Hit CTRL+ALT+DEL and it REBOOTED!

After logging back in I did:
[cmd=]kbdcontrol -d[/cmd]
And it showed the modified keymap ...

However, It still reboots!

Why do I want this, I do NOT run monitors on batteries, when the power goes out I need to cleanly shutdown blindly. Systems are in secure vaults, no worries about intruders!

Thanks

-Enjoy
fh : )_~


----------



## SirDice (Oct 24, 2011)

FestusHagen said:
			
		

> when the power goes out I need to cleanly shutdown blindly.


Press the power button and the system will cleanly shutdown.


----------



## FestusHagen (Oct 24, 2011)

FestusHagen said:
			
		

> *Systems are in secure vaults*, no worries about intruders!





			
				SirDice said:
			
		

> Press the power button and the system will cleanly shutdown.
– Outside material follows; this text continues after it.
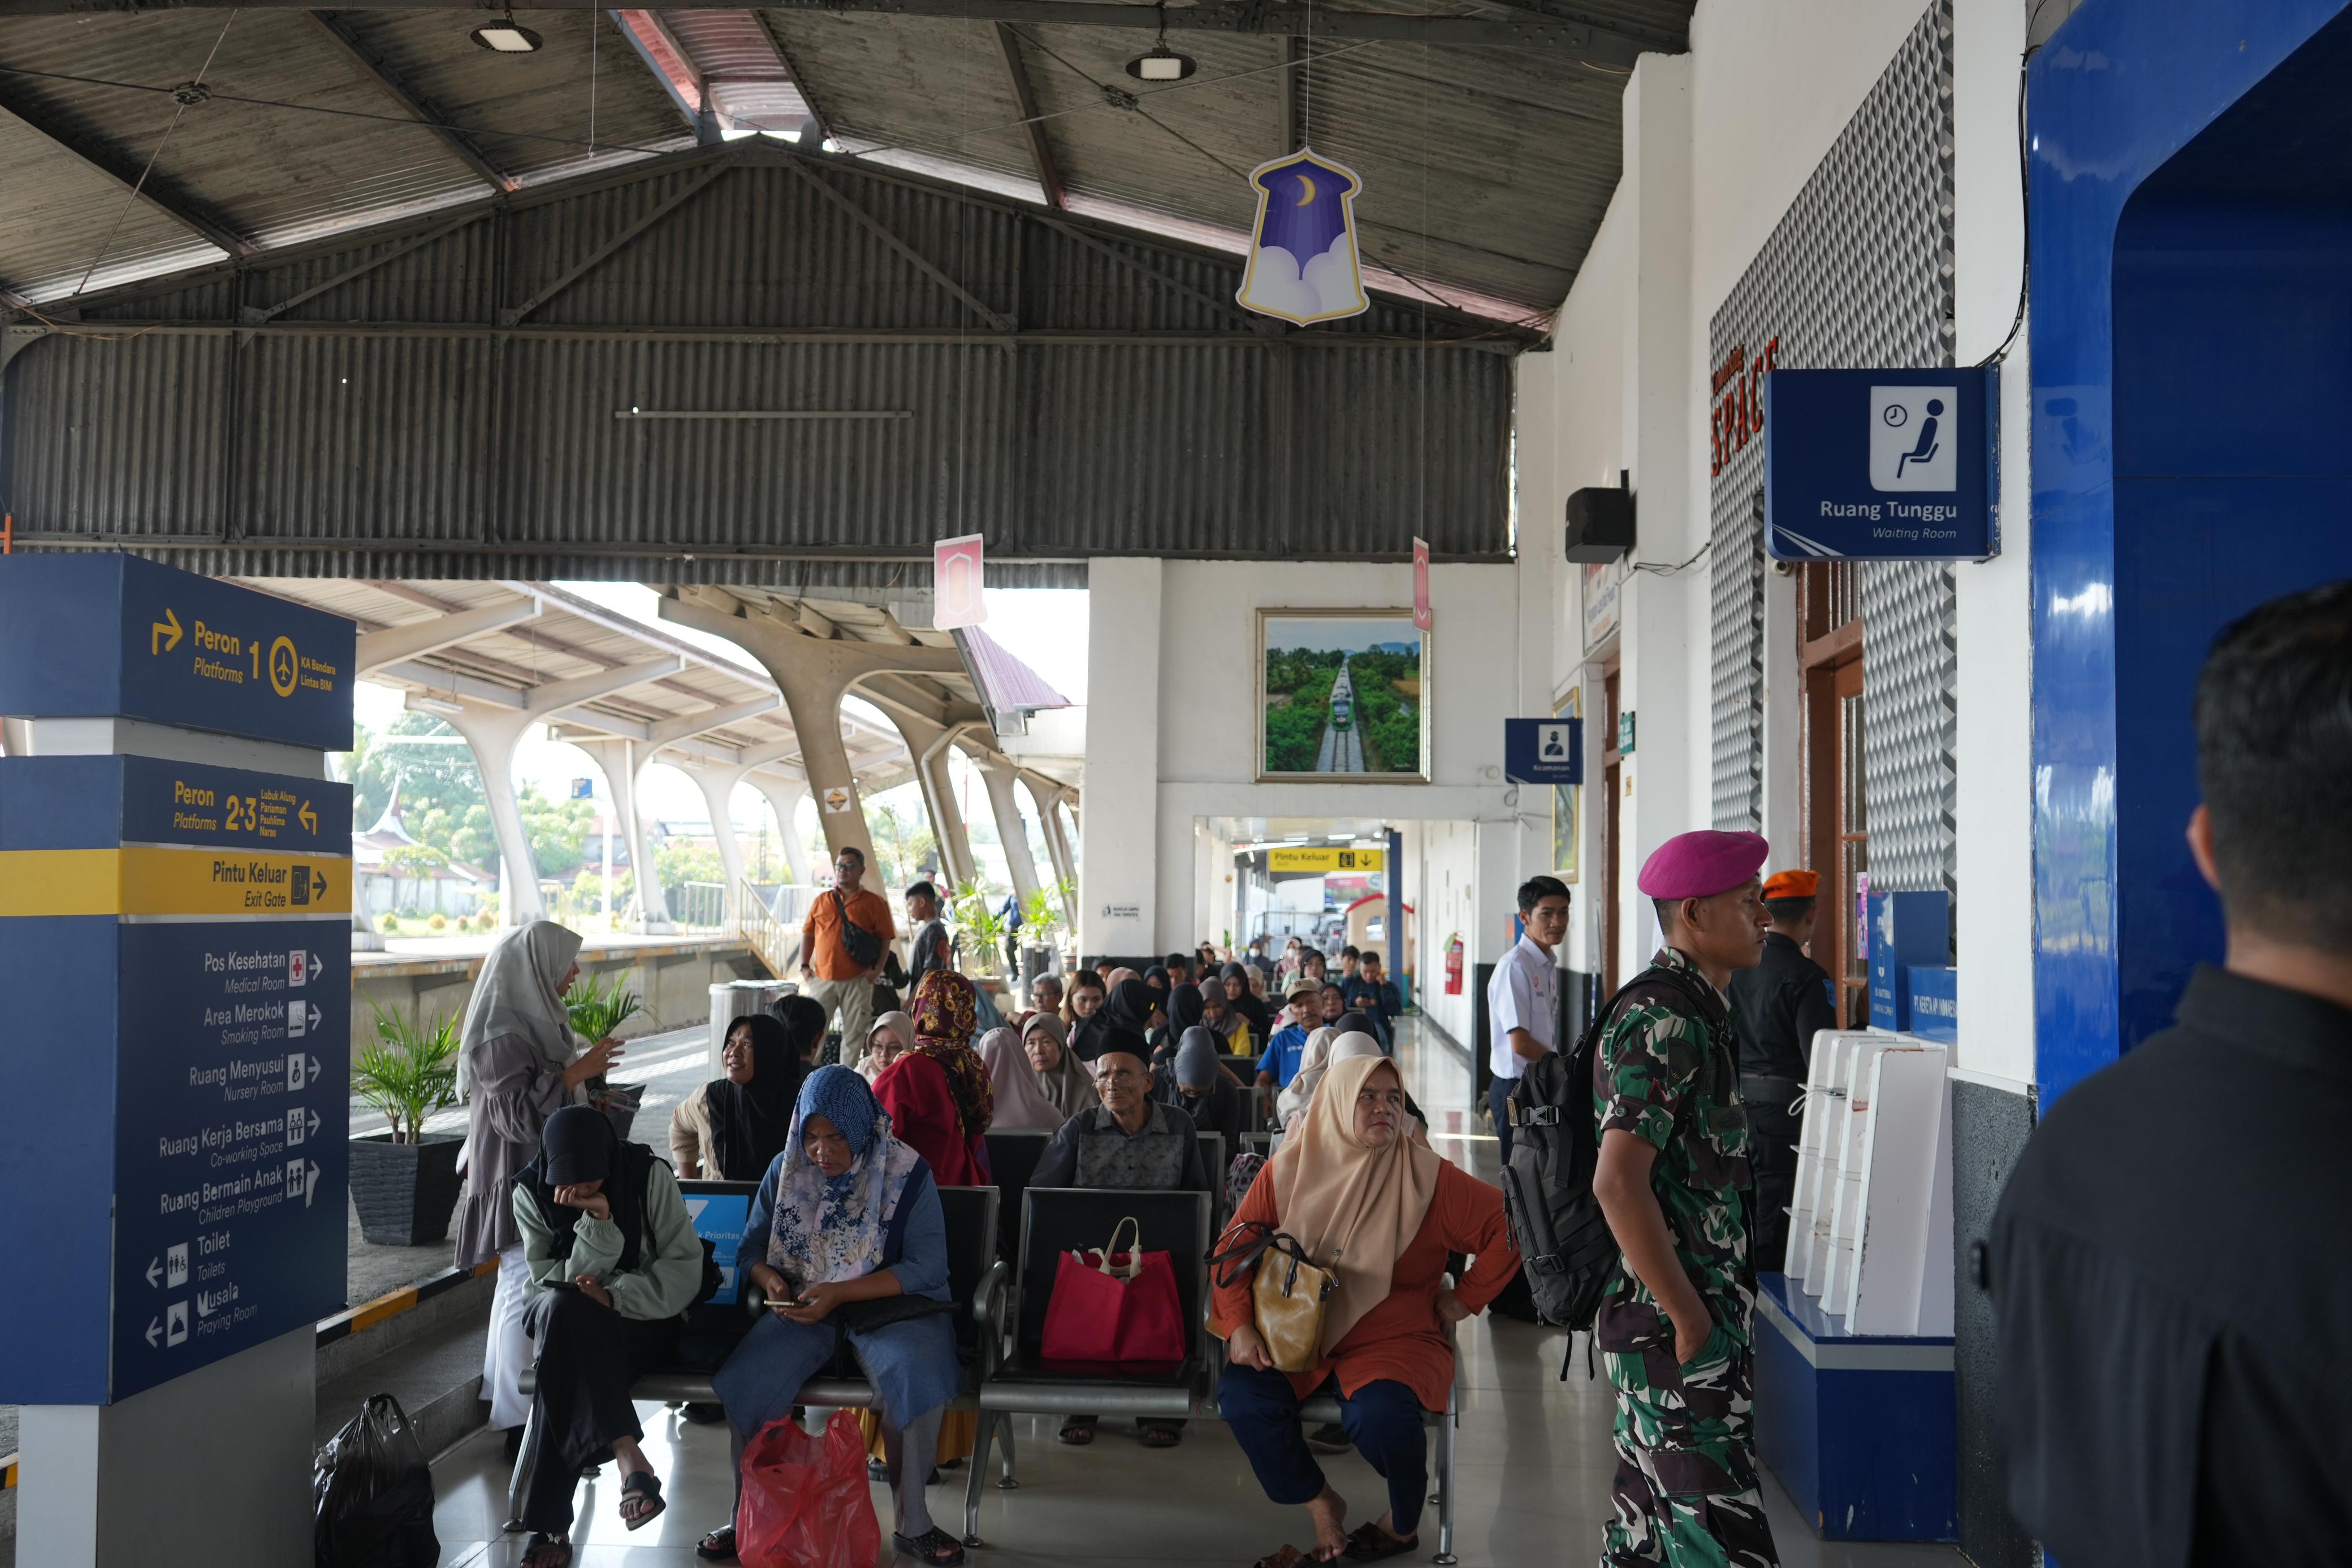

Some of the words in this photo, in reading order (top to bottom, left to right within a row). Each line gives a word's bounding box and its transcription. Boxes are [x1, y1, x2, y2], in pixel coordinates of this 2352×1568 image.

Note my highlight in red above ... However you have given me an idea, A keyboard with the "Power, Sleep, Wake Up" keys (a 107 key) and I just happen to have a few hundred of them laying about!

However, I cannot walk away from the failure and need to resolve for satisfaction!

Any suggestions as to why the keymap change does not work!

-Enjoy
fh : )_~


----------



## SirDice (Oct 24, 2011)

As far as I know you can only disable it, not change it. There's a kernel option to disable ctrl-alt-del completely.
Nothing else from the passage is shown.